2.18 “Restricted Stock
Agreement” means the written document evidencing the grant of
a Restricted Stock Award executed by the Company, including any
amendments thereto. Each Restricted Stock Agreement shall be
subject to the terms and conditions of the Plan and need not be
executed by the Participant receiving the Restricted Stock Award
pursuant to the Restricted Stock Agreement.
2.19 “Restricted Stock
Award” means an award granted under Section 6.1 of this
Plan of shares of Common Stock issued to the Participant for such
consideration, if any, and subject to such restrictions on
transfer, rights of first refusal, repurchase provisions,
forfeiture provisions and other terms and conditions as are
established by the Committee.
2.20 “Securities
Act” means the Securities Act of 1933, as amended, and any
successor statute. Reference in the Plan to any section of the
Securities Act shall be deemed to include any amendments or
successor provisions to such section and any rules and regulations
relating to such section.
2.21 “Subsidiary”
means (i) any corporation in an unbroken chain of corporations
beginning with the Company, if each of the corporations other than
the last corporation in the unbroken chain owns stock possessing a
majority of the total combined voting power of all classes of stock
in one of the other corporations in the chain, (ii) any
limited partnership, if the Company or any corporation described in
item (i) above owns a majority of the general partnership
interests and a majority of the limited partnership interests
entitled to vote on the removal and replacement of the general
partner, and (iii) any partnership or limited liability
company, if the partners or members thereof are composed only of
the Company, any corporation listed in item (i) above or any
limited partnership listed in item (ii) above.

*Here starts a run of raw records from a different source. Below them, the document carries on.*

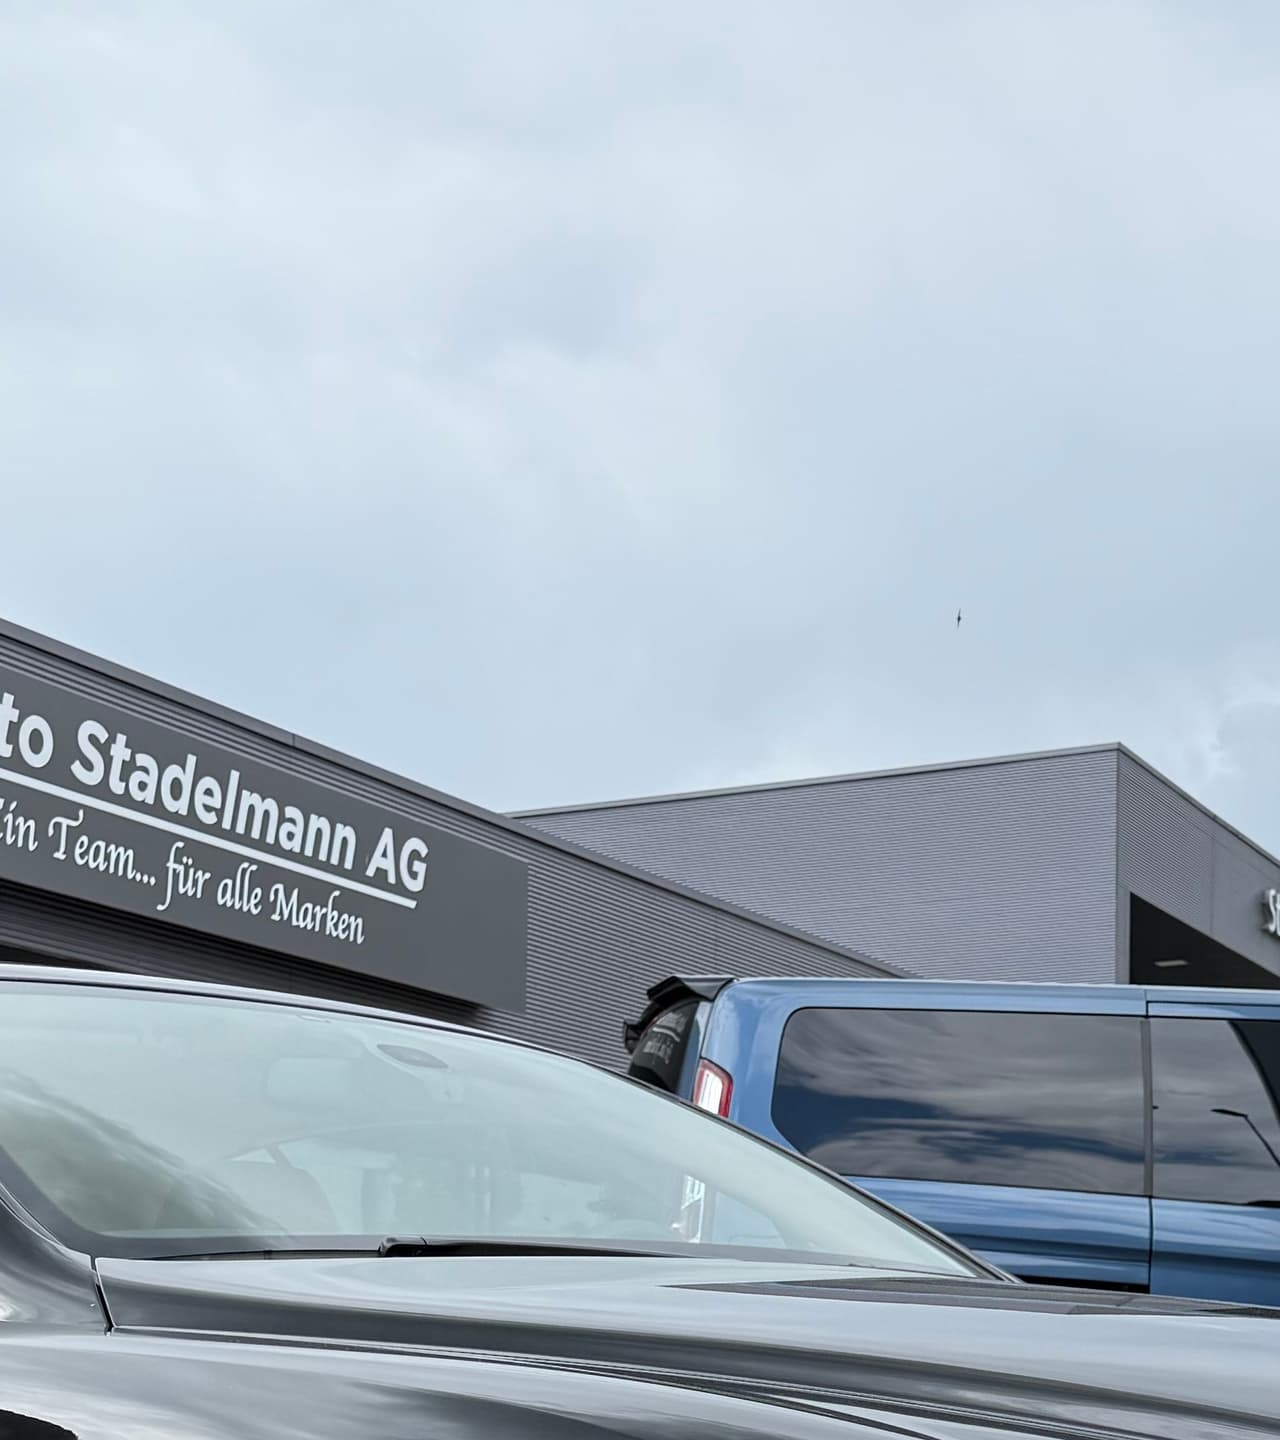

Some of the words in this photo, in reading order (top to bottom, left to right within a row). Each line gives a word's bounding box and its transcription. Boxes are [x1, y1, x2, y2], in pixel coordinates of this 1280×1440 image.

[48, 809, 157, 886] Team...
[157, 842, 211, 911] für
[216, 862, 262, 914] alle
[269, 881, 365, 945] Marken
[70, 719, 356, 869] Stadelmann
[366, 825, 429, 893] AG
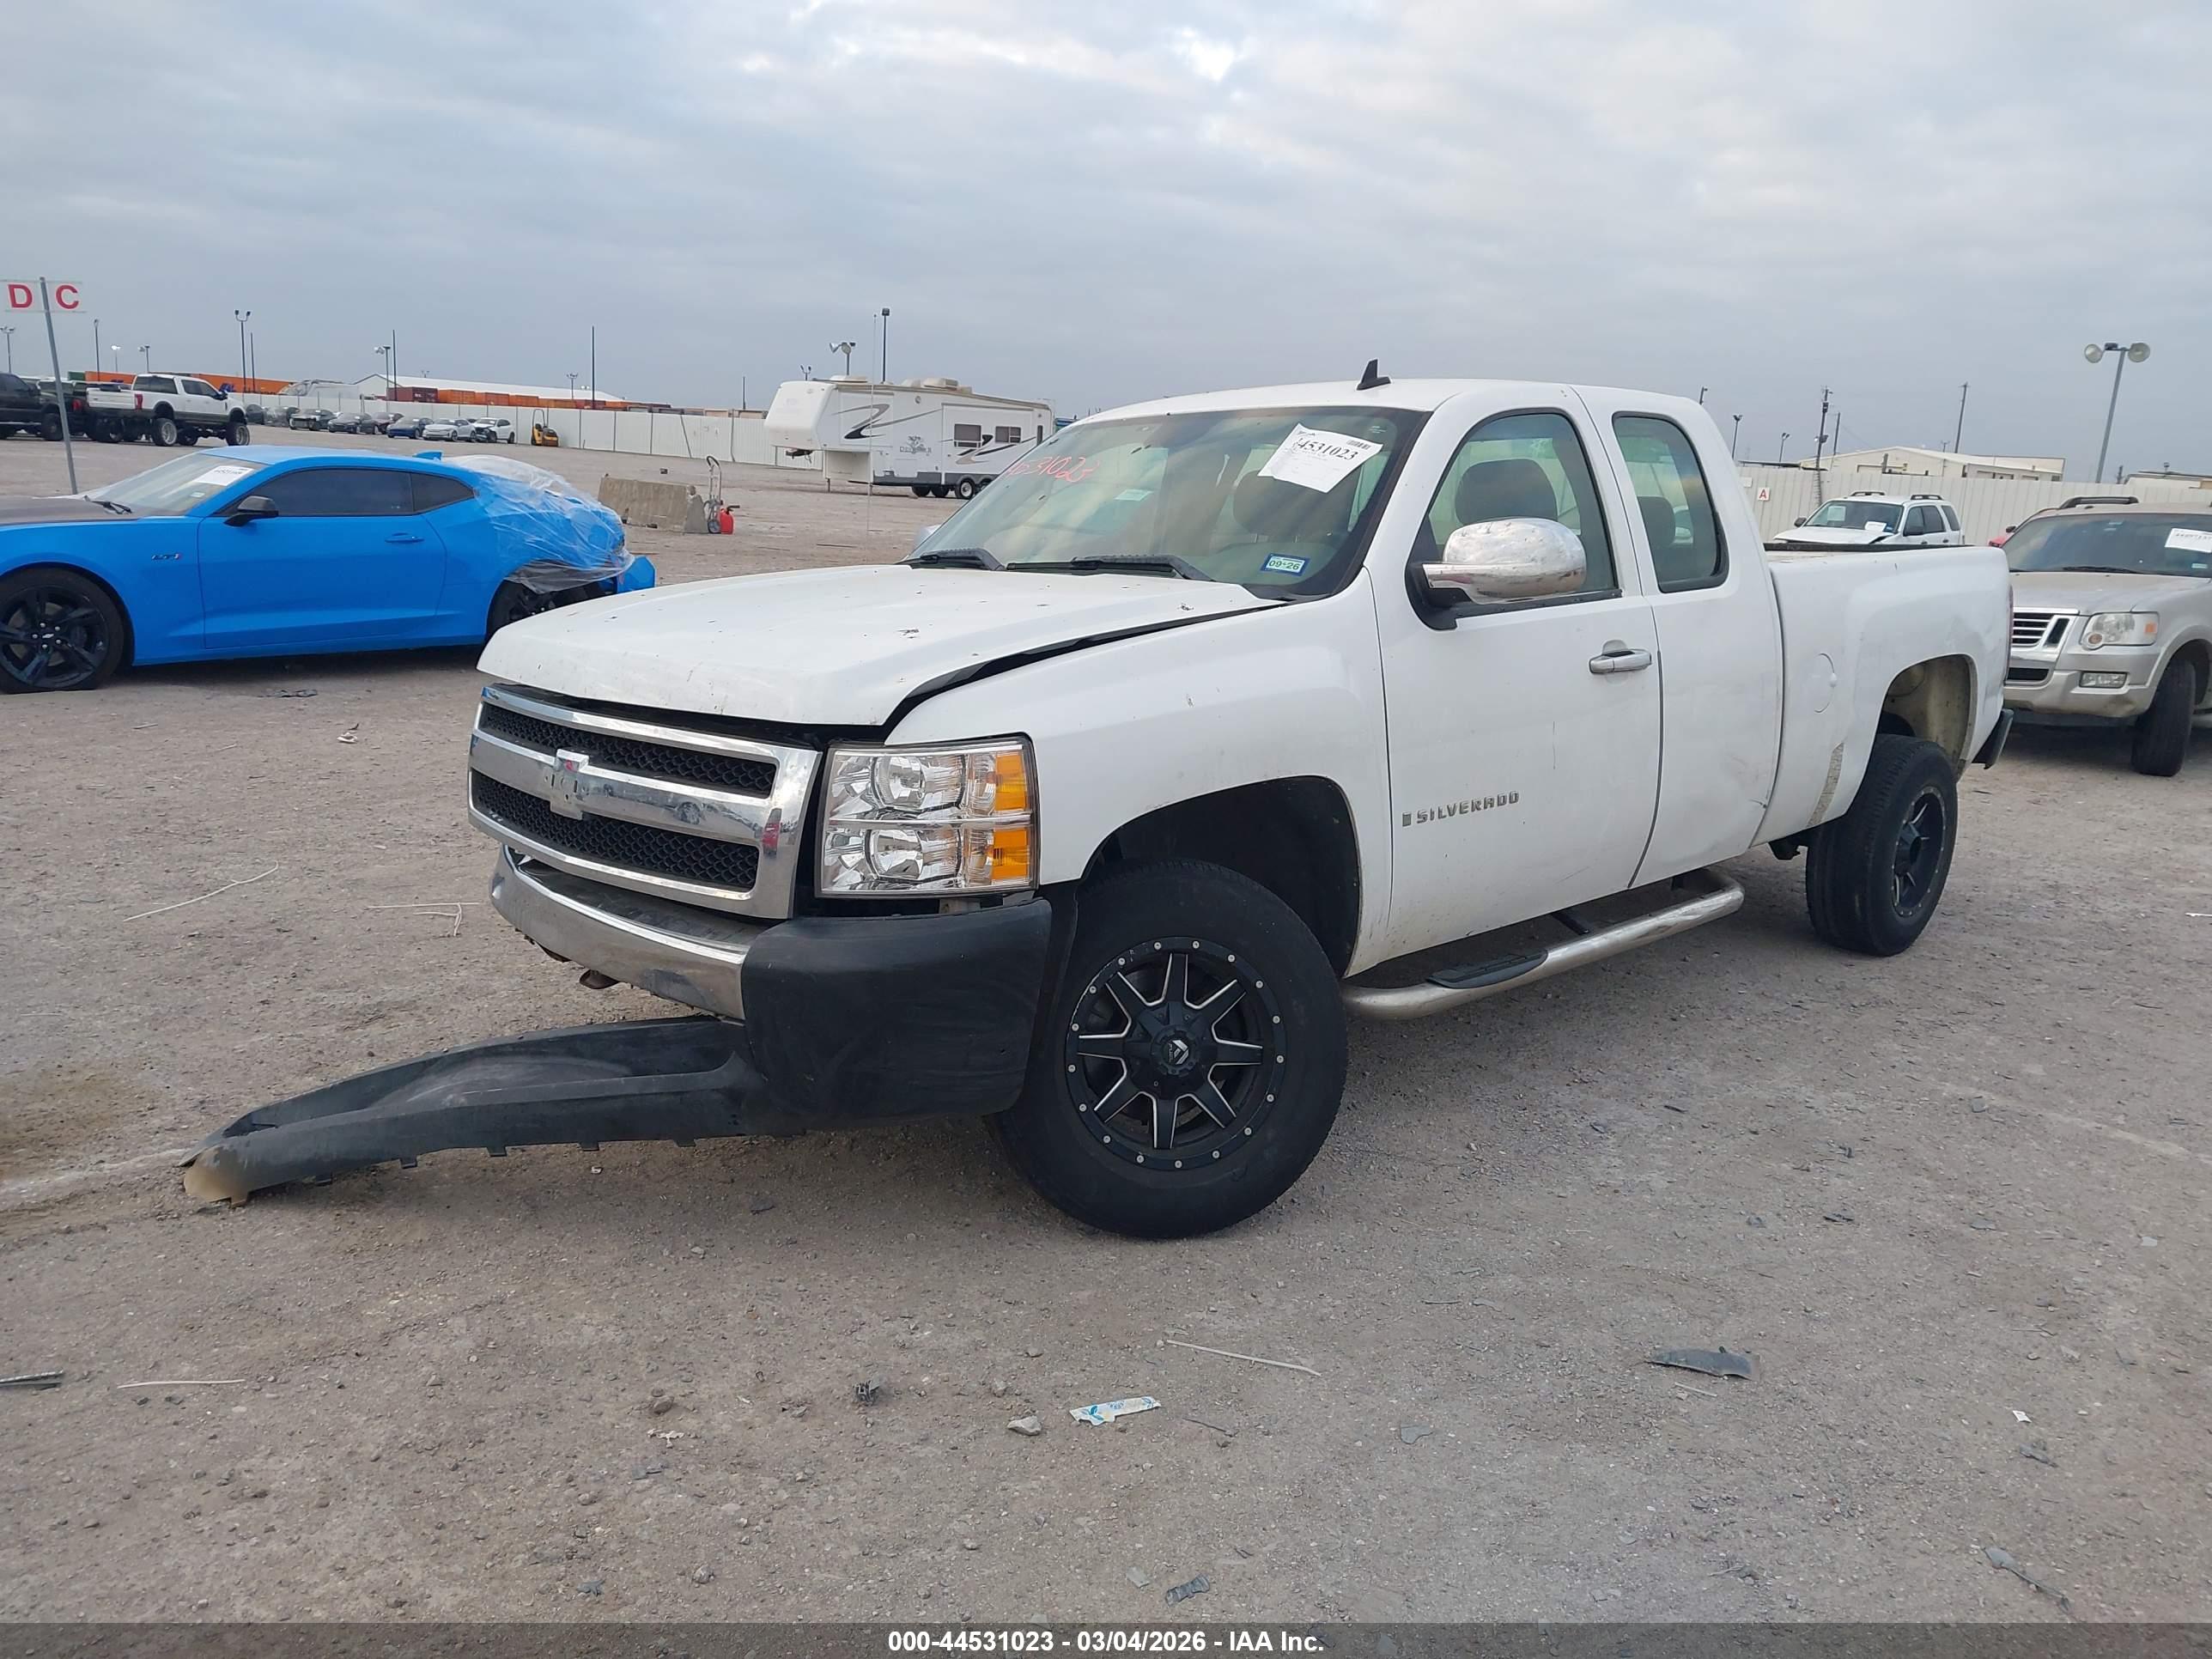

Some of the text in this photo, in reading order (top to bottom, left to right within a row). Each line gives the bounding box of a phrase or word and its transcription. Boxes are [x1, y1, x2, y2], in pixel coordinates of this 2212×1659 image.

[8, 284, 33, 307] D
[56, 284, 78, 309] C
[1759, 489, 1767, 499] A
[1417, 791, 1519, 823] SILVERADO
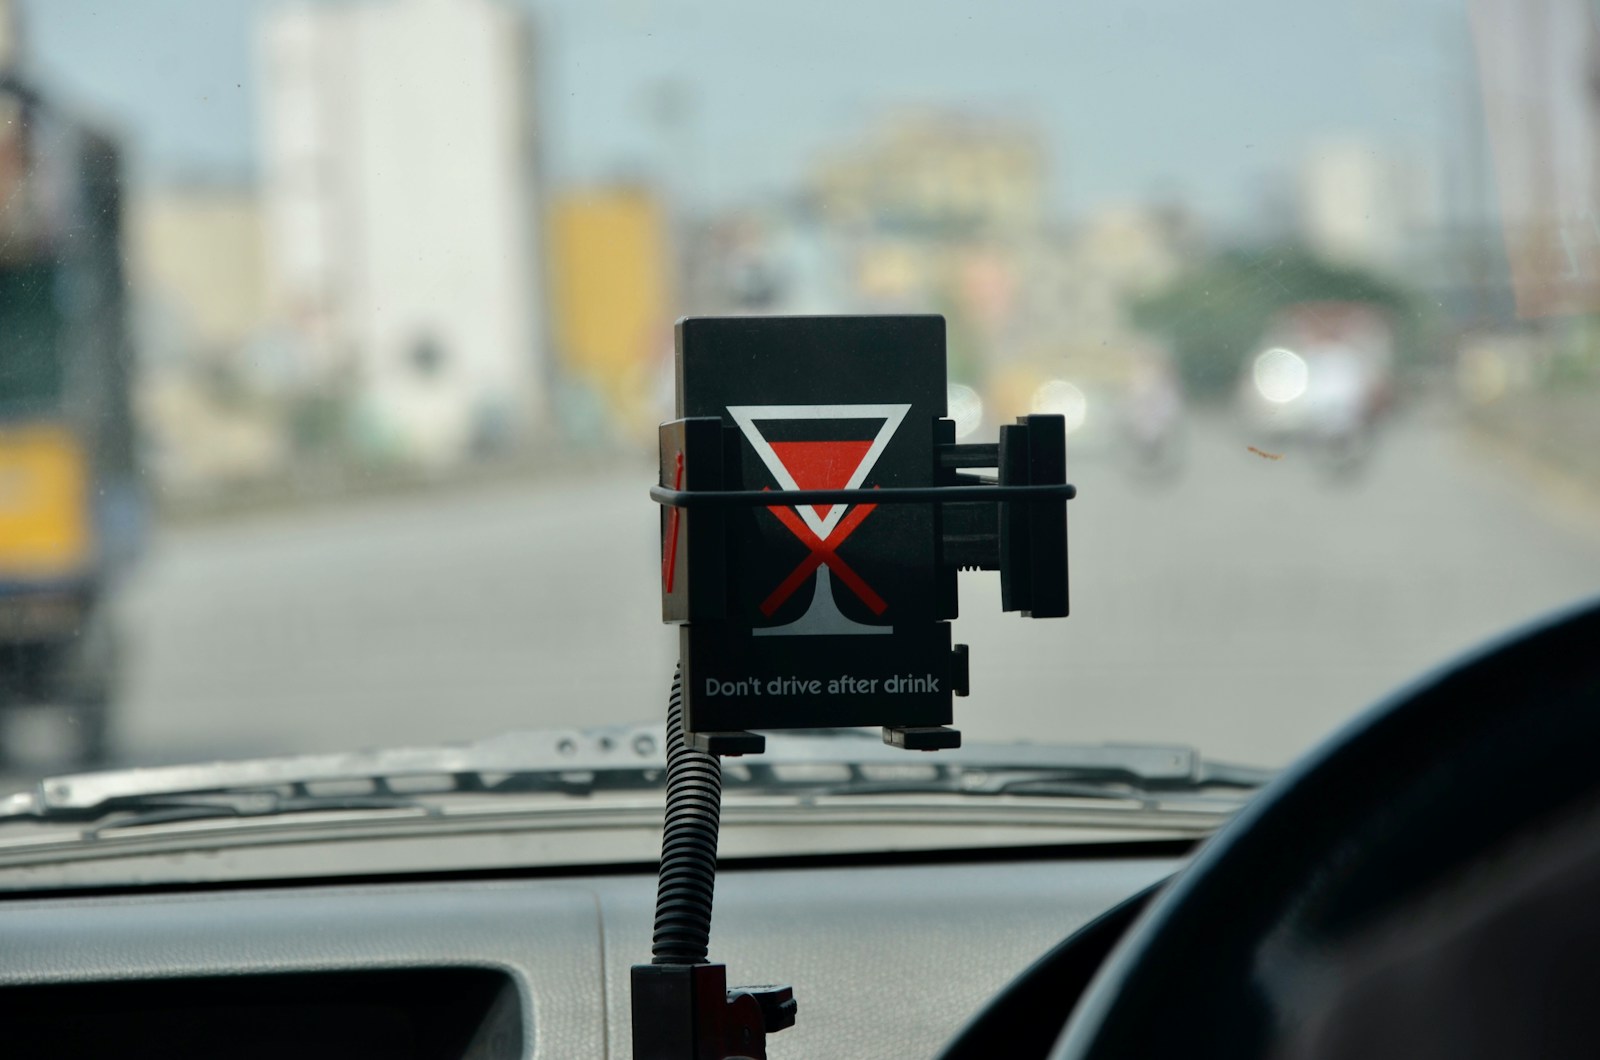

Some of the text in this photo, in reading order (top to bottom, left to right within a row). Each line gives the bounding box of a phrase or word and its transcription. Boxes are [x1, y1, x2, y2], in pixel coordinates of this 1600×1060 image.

[706, 673, 940, 697] Don't drive after drink

“Subsidiaries” means more than one of any such
corporations, limited partnerships, partnerships or limited
liability companies.
2.22 “Termination of
Service” occurs when a Participant shall cease to serve as an
Employee for any reason.
ARTICLE 3
ADMINISTRATION
The Plan shall be
administered by the Committee. The Committee shall consist of not
fewer than two persons. Any member of the Committee may be removed
at any time, with or without cause, by resolution of the Board. Any
vacancy occurring in the membership of the Committee may be filled
by appointment by the Board.
While the Common Stock of the
Company is publicly traded, if necessary to satisfy the
requirements of Code Section 162(m) and/or Rule 16b-3
promulgated under the Exchange Act, membership on the Committee
shall be limited to those members of the Board who are
“outside directors” under Section 162(m) of the
Code and/or “non-employee directors” as defined in Rule
16b 3 promulgated under the Exchange Act, and/or who exhibit the
independence necessary to comply with the rules of any exchange
upon which the Company’s securities are traded, and any other
applicable law, as necessary. The Committee shall select one of its
members to act as its Chairman. A majority of the Committee shall
constitute a quorum, and the act of a majority of the members of
the Committee present at a meeting at which a quorum is present
shall be the act of the Committee.
The Compensation Committee of
the Board shall serve as the Committee unless and until such time
as the Board appoints other members of the Board to serve as the
Committee.
The Committee shall determine
the Participants to whom Restricted Stock Awards shall be granted,
and shall set forth in the Restricted Stock Agreement of each
Participant the Restricted Stock Award, the Restriction Period, the
Date of Grant, and such other terms, provisions, and limitations as
are approved by the Committee, but not inconsistent with the
Plan.
The Committee, in its
discretion, shall (i) interpret the Plan, (ii) prescribe,
amend, and rescind any rules and regulations necessary or
appropriate for the administration of the Plan, and (iii) make
such other determinations and take such other action as it deems
necessary or advisable in the administration of the Plan. Any
interpretation, determination, or other action made or taken by the
Committee shall be final, binding, and conclusive on all interested
parties.
With respect to restrictions
in the Plan that are based on the rules of any exchange or
inter-dealer quotation system upon which the Company’s
securities are listed or quoted, or any other applicable law, rule
or restriction, to the extent that any such restrictions are no
longer required by applicable law, the Committee shall have the
sole discretion and authority to prescribe terms for Restricted
Stock Awards that are not subject to such mandated restrictions
and/or to waive any such mandated restrictions with respect to
outstanding Restricted Stock Awards.
ARTICLE 4
ELIGIBILITY
Any Employee whose judgment,
initiative and efforts are expected to contribute to the successful
performance of the Company is eligible to participate in the Plan.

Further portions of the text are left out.